当時の世界地図や、行った先々で触れ合った民族たちの調度品、なにより、その絵の細密さに驚かされた。描いたのは、画家としてこの一団に参加していたシドニー・パーキンソン。バンクスの名が由来になっているオーストラリア原産の花「バンクシア」も鮮やかに、精細に描かれていた。

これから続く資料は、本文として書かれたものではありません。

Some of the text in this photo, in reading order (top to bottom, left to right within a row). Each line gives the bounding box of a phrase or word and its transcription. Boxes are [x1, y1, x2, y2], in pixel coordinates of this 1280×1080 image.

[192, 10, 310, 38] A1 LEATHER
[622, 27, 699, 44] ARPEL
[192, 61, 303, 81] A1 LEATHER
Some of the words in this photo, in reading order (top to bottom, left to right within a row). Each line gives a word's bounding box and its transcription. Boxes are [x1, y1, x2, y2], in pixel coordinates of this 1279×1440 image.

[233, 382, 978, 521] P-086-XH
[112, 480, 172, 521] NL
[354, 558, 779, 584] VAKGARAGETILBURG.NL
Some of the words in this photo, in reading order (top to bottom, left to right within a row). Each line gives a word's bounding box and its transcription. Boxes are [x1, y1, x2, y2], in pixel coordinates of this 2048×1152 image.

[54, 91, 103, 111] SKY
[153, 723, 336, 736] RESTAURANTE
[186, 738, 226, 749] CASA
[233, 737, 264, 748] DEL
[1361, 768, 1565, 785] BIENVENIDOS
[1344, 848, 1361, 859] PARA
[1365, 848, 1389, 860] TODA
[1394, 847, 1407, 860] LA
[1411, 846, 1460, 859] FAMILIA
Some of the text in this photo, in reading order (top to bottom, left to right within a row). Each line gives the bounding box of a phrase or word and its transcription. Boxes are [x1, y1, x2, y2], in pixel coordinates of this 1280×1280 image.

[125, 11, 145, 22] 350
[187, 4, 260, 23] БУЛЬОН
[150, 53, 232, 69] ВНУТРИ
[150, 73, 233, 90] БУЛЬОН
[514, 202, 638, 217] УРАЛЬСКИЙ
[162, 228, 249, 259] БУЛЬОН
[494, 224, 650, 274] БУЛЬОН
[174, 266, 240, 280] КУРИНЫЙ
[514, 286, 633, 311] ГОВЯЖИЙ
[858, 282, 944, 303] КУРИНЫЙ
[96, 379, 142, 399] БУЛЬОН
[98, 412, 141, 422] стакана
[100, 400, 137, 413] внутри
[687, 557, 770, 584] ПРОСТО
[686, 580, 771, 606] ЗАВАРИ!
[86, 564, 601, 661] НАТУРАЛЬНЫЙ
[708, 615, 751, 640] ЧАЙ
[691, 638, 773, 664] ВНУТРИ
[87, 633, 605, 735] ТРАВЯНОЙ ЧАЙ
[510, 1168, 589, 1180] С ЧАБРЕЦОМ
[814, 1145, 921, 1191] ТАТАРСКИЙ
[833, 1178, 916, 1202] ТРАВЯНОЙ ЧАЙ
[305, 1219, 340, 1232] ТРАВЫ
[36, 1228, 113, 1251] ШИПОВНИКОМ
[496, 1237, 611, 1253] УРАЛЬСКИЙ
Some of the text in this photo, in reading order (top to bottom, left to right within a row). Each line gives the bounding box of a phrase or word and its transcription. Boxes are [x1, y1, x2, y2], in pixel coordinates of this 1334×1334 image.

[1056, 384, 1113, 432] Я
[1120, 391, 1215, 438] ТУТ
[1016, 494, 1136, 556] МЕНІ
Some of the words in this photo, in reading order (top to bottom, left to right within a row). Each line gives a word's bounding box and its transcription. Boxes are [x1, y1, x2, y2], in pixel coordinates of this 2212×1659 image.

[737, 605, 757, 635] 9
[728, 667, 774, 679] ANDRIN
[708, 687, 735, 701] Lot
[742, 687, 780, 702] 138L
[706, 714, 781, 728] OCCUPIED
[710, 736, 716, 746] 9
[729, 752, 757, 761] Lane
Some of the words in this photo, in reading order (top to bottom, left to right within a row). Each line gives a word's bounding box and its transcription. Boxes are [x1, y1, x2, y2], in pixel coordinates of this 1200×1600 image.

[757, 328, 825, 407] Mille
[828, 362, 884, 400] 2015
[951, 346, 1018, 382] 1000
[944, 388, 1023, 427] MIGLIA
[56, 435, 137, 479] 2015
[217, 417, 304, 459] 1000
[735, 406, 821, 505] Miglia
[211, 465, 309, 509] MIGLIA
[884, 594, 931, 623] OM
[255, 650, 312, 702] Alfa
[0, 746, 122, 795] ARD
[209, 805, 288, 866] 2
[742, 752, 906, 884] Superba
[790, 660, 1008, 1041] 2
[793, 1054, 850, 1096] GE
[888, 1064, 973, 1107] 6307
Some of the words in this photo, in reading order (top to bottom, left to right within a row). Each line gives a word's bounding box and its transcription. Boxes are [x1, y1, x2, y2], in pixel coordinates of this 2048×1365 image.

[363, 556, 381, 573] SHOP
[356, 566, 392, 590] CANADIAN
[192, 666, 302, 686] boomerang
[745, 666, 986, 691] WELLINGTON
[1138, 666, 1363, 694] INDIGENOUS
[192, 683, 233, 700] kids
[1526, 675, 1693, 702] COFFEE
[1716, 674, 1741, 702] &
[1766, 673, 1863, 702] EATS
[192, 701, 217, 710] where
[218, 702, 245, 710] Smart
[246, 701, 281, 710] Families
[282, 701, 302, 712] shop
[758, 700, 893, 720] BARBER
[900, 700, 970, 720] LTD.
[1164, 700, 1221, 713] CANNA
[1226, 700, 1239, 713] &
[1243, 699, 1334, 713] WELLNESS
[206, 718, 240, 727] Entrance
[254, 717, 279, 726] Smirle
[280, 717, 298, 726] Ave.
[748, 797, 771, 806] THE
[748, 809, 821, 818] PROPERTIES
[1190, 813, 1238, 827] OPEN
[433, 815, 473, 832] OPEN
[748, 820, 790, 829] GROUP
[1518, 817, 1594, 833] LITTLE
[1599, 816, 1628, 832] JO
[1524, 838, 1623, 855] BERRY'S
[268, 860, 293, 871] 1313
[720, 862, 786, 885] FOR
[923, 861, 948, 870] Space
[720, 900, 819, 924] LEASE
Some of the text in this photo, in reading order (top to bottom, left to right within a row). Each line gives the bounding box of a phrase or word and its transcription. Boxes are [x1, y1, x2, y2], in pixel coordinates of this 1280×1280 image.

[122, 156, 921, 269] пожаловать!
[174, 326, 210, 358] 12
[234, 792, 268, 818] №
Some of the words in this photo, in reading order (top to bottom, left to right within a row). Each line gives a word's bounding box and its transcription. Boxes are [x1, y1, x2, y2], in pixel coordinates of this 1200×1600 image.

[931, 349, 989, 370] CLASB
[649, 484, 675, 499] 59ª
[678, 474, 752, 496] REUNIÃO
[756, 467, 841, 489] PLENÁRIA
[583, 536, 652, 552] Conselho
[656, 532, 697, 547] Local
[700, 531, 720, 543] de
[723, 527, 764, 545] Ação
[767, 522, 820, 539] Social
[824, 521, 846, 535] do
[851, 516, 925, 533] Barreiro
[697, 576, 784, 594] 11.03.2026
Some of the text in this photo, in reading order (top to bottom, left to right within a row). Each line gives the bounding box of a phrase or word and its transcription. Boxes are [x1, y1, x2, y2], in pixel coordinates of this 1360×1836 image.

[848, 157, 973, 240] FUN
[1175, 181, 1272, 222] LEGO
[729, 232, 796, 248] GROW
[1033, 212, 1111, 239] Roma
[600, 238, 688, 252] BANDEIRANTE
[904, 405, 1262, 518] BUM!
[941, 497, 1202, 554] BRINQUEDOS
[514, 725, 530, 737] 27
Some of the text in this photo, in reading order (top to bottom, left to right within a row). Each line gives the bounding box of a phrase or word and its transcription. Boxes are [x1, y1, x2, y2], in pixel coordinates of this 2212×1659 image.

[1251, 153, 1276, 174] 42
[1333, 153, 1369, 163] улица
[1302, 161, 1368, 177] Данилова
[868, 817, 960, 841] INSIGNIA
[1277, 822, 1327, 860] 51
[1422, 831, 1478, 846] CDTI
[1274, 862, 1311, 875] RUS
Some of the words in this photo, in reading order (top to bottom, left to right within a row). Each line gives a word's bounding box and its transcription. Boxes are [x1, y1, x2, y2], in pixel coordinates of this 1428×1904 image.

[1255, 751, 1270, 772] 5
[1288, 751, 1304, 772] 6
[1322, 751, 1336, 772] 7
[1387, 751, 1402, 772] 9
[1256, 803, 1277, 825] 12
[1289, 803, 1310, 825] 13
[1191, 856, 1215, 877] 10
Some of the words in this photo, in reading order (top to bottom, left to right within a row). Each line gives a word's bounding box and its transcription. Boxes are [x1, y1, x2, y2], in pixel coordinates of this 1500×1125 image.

当時の航海はまさに命がけ。実際に、パーキンソンを含む31人もの乗組員がジャワから喜望峰への旅路で、マラリア等により命を落としている。グレートバリアリーフでは座礁もしている。(西側風に言えば)新たな土地への期待と不安を抱きつつ、いつまでも続く水平線を眺めることからくる精神的疲労も相当なものだっただろう。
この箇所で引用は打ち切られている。